In what becomes known as the Waco Horror, an illiterate black farmhand named Jesse Washington is convicted of the rape and murder of a white woman on May 15. Before he can be led from the courtroom, however, dozens of spectators drag him outside, hang him, douse him with coal oil, and burn him alive while four hundred townspeople watch.
Singer-guitarist Huddie Ledbetter is sentenced to thirty years at a Bowie County prison farm for murdering a relative with whom he had argued. During his time in prison, where he will be nicknamed Leadbelly, he will continue to write songs; after dedicating one to Governor Pat Neff, Neff will pardon him. He will go on to become one of Texas' greatest bluesmen.
The Texas Legislature votes to change the state's official method of execution from hanging to death by electrocution, ending the era of public executions. The following year, Charles Reynolds, a convicted killer from Red River County, will become the first inmate to die in the electric chair, a.k.a. Old Sparky. The chair will be retired in 1964.
Four men, including one dressed as Santa Claus, hold up the First National Bank in Cisco two days before Christmas. In the ensuing shoot-out, one of the robbers and the chief of police and a deputy are all mortally wounded. After an extensive manhunt, the three surviving perpetrators are caught in the town of Graham. Two are sentenced to death; one gets 99 years in prison.

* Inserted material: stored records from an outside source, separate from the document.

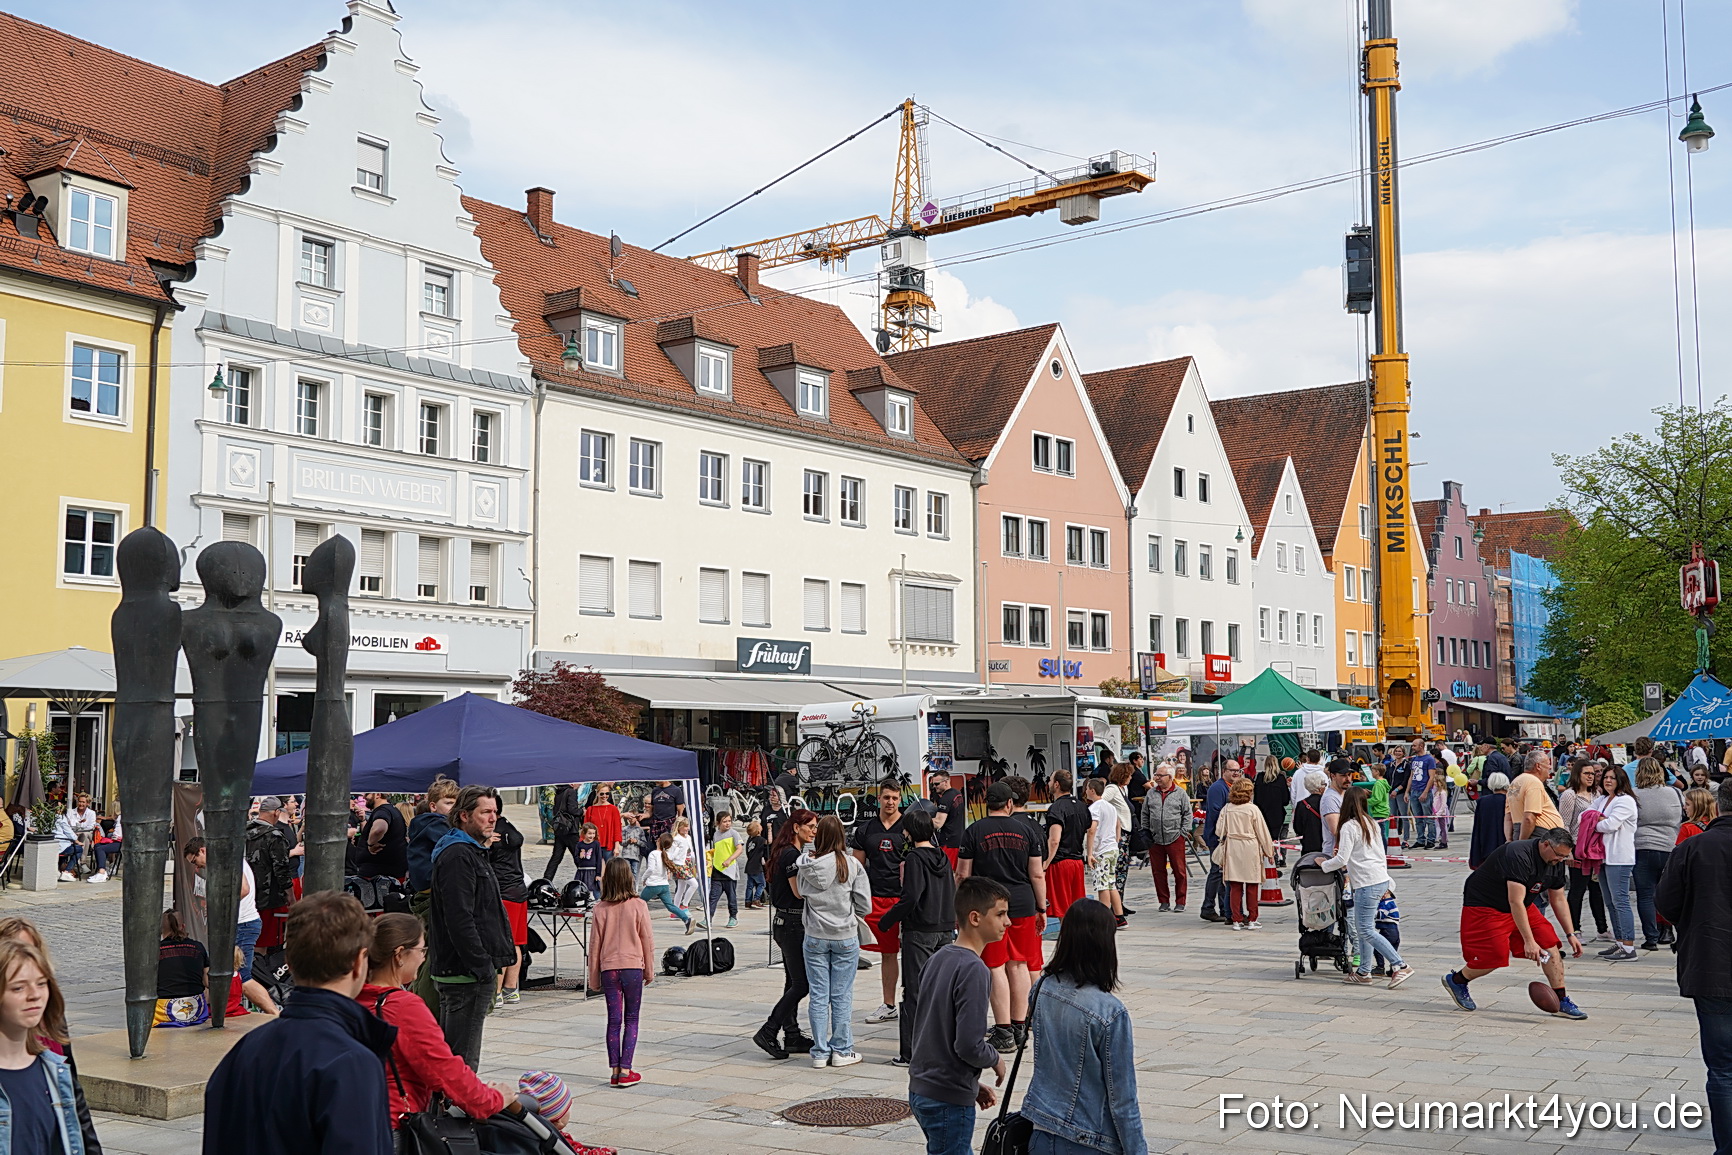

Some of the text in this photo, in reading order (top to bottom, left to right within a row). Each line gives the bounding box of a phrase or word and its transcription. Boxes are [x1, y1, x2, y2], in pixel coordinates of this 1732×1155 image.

[1379, 136, 1391, 205] MIKSCHL
[944, 205, 993, 223] LIEBHERR
[302, 467, 442, 505] BRILLEN WEBER
[1383, 429, 1406, 553] MIKSCHL
[349, 635, 409, 649] MOBILIEN
[741, 641, 809, 671] frühauf
[1212, 659, 1231, 673] WITT
[1276, 716, 1294, 726] AOK
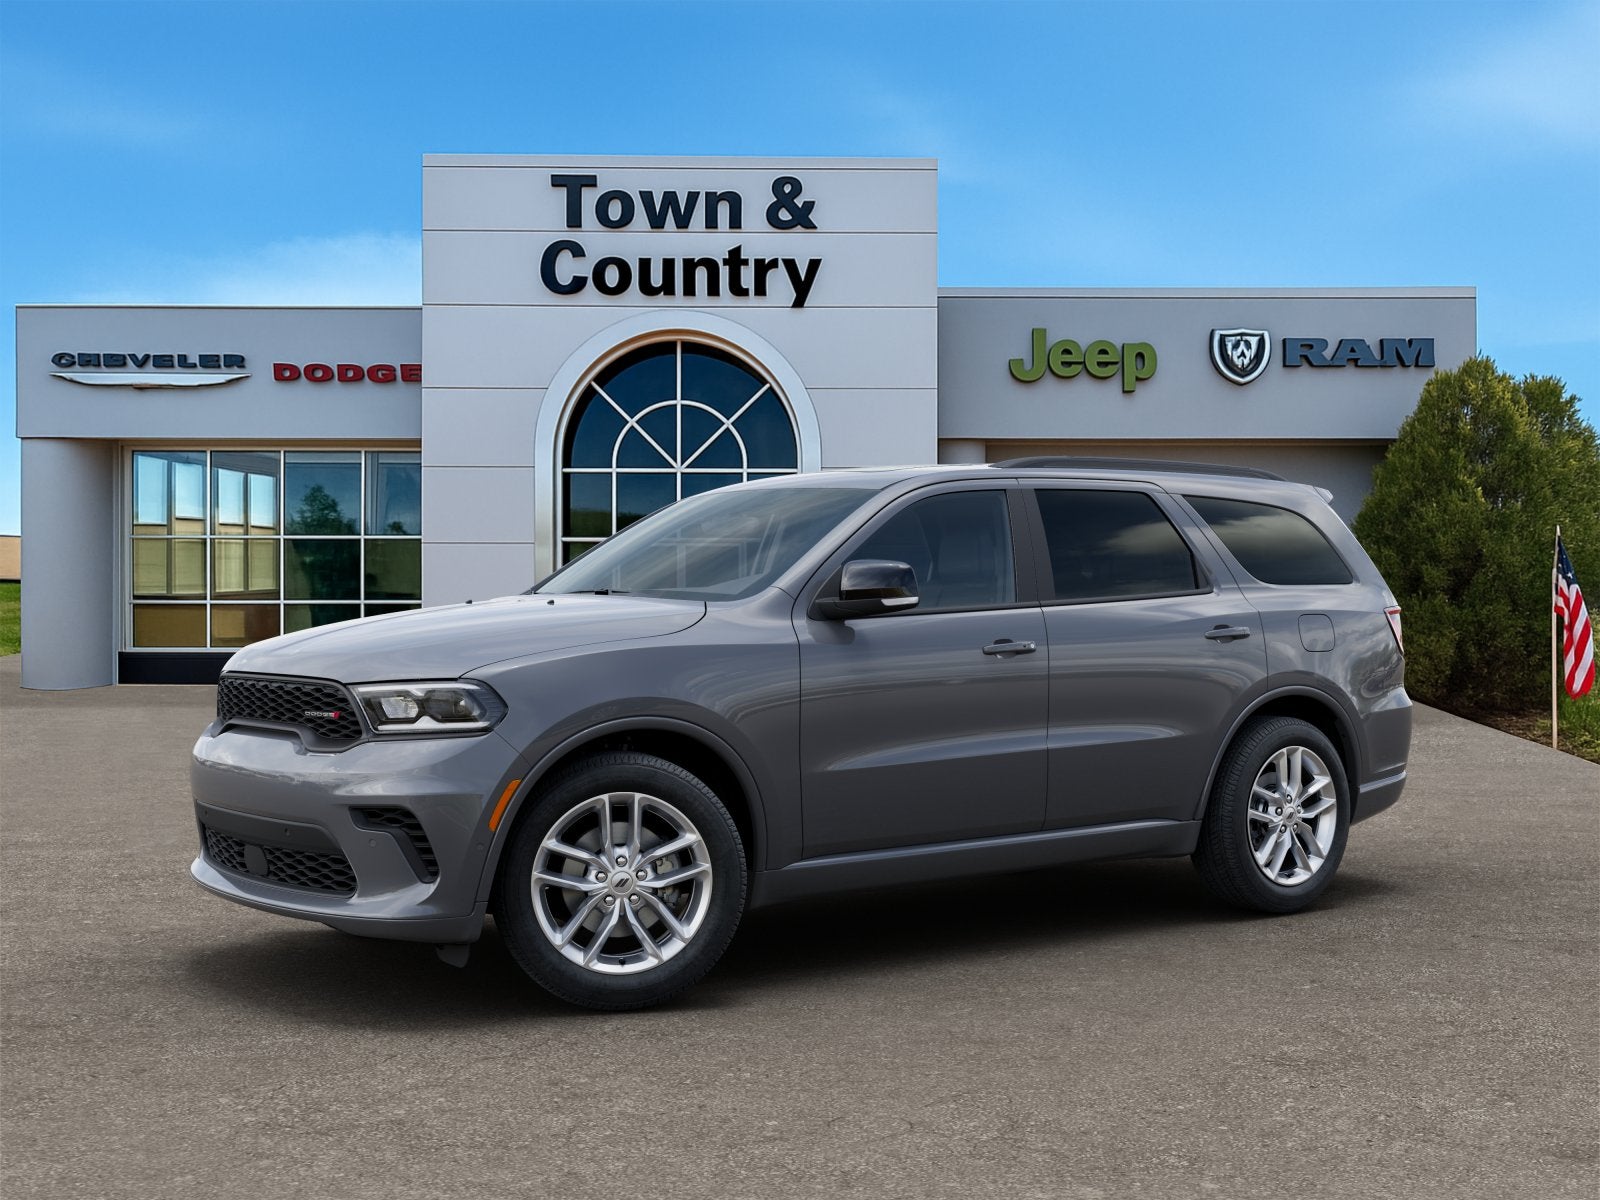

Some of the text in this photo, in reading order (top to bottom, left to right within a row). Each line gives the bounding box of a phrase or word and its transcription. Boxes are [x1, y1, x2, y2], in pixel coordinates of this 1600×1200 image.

[550, 174, 818, 230] Town &
[539, 239, 823, 308] Country
[273, 363, 422, 383] DODGE
[1009, 327, 1157, 392] Jeep
[1282, 337, 1436, 368] RAM

On May 9 more than five thousand people surround the Grayson County courthouse in Sherman, intent on lynching prisoner George Hughes, a black man accused of raping a white woman. The crowd eventually sets fire to the courthouse, which burns to the ground. Hughes, who has been locked up for his own safety, dies of smoke inhalation, but they pull out his corpse and hang it anyway.